I would def understand what he means there. I live in a city were people acctualy dont know a shits worth about computers and every computer around me is a dell..... Theres some freinds and freinds of freinds that have cash and so on but dont know a worth shit about computers. I under stand and go with (1.) Stay away from those people. Or tell them to read a book and research about computers in the first place. Stay AWAY FROM TOTAL NOOBS. Out of know were thell call you, message you, or do something and say that there computer is lagy. I THINK THATS BULL SHIT. i go over there and notice no diffrence over at a freinds house, and the explian to me that xfire or some program is starting slow and its acting up *face palm instantly*. People need smarts if there ganna pay people that can build and wire tire Beautifal systems and overclock them for 1500+ dollars.


----------



## 3volvedcombat (Jul 29, 2009)

Meecrob said:


> one easy way to get some business is to under cut places like geekfraud, i mean geeksquad, the charge like 85bucks just to look at a system, if the cant fix it, u still pay 85bucks, if you want the system cleaned up(remove spyware and such) ur looking at paying at least 160 and listening to them tell you that any system you have needs to just be replaced because its to old(even if you bought it from them 6 months ago and the same geekfraud rep said it would last you years)
> 
> I charge like 25/hr for good clients, 35-45/hr for people who are "aol users"(the total noobie's), more if the systems some damn clusterfuk OEM job that requires alot of extra work to deal with.
> 
> you can just go hang around bestbuy and the like in the tech section handing out cards and telling people you can build them a better rig OR clean up the OEM box they buy and do a clean install of the apps they need(easy money and alot of people will bite if u explain why cleanings a good idea)
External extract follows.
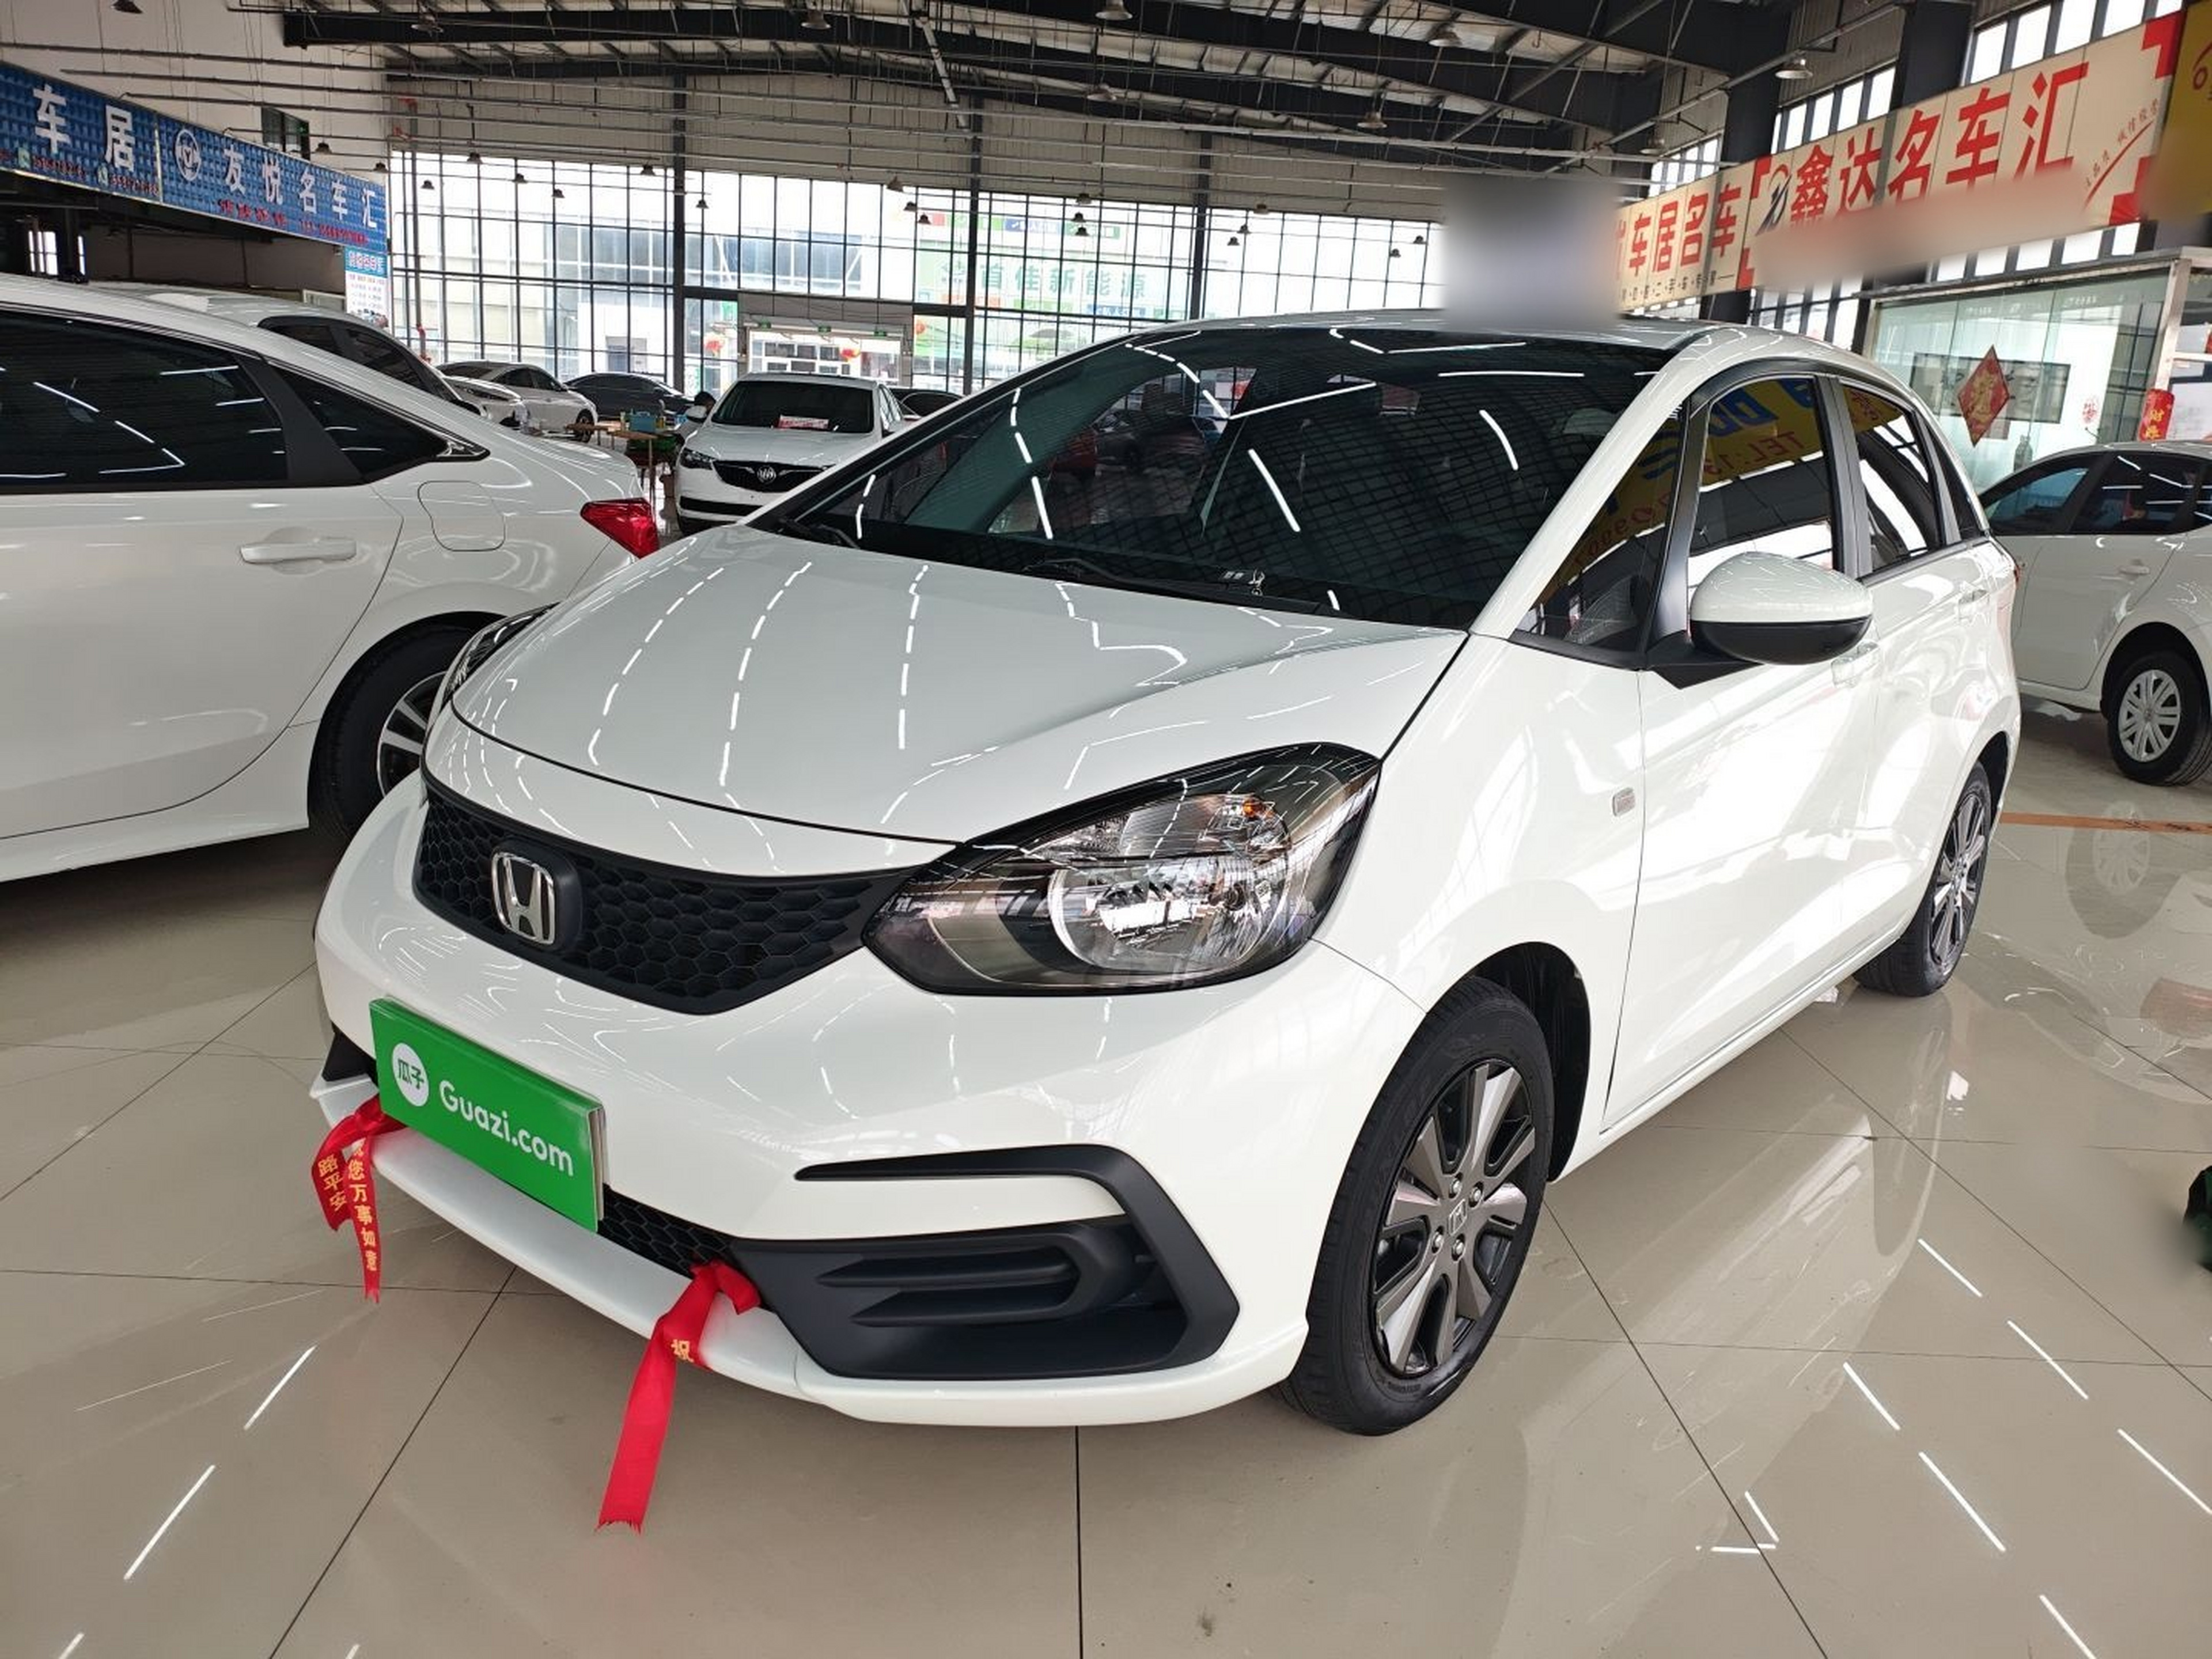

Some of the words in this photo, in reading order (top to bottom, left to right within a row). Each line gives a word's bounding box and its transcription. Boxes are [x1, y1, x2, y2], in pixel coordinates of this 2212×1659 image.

Thats acctualy a realy good idea. I live were 200,000 Pop and no one knows about there hardware. Thats a realy god damn good idea. Im just afraid of geekfraud/squad will come shoot my ass down and send me home


----------



## BroBQ (Jul 29, 2009)

phanbuey said:


> Thank you for this... Excellent.



Its a great site for anyone in the business...


----------



## Meecrob (Jul 29, 2009)

only if they get your addy and can figure out how to program it into their gps, then you can alwase outrun them, they drive vw bugs of course 

most geek squad reps are RETARDED, my buddy bought an extened warr on the zune he just had to have, it died, they tried to use a macbook to test it, then tried to use a pc that didnt have the zunesuit to test it, desided it was broken because he couldnt get into it to move files......(the screen was dead, not the hdd) 

the way you get to go to peoples homes as a geeksquad rep, you sell like make alot of sales in store of shit and services people dont need, you only keep that status by selling people more stuff they dont want/need when you go to their homes to fix stuff......u dont even need to know how to recover files or the like, just how to sell them norton's current version and how to sell them programs they probbly got no use for!!!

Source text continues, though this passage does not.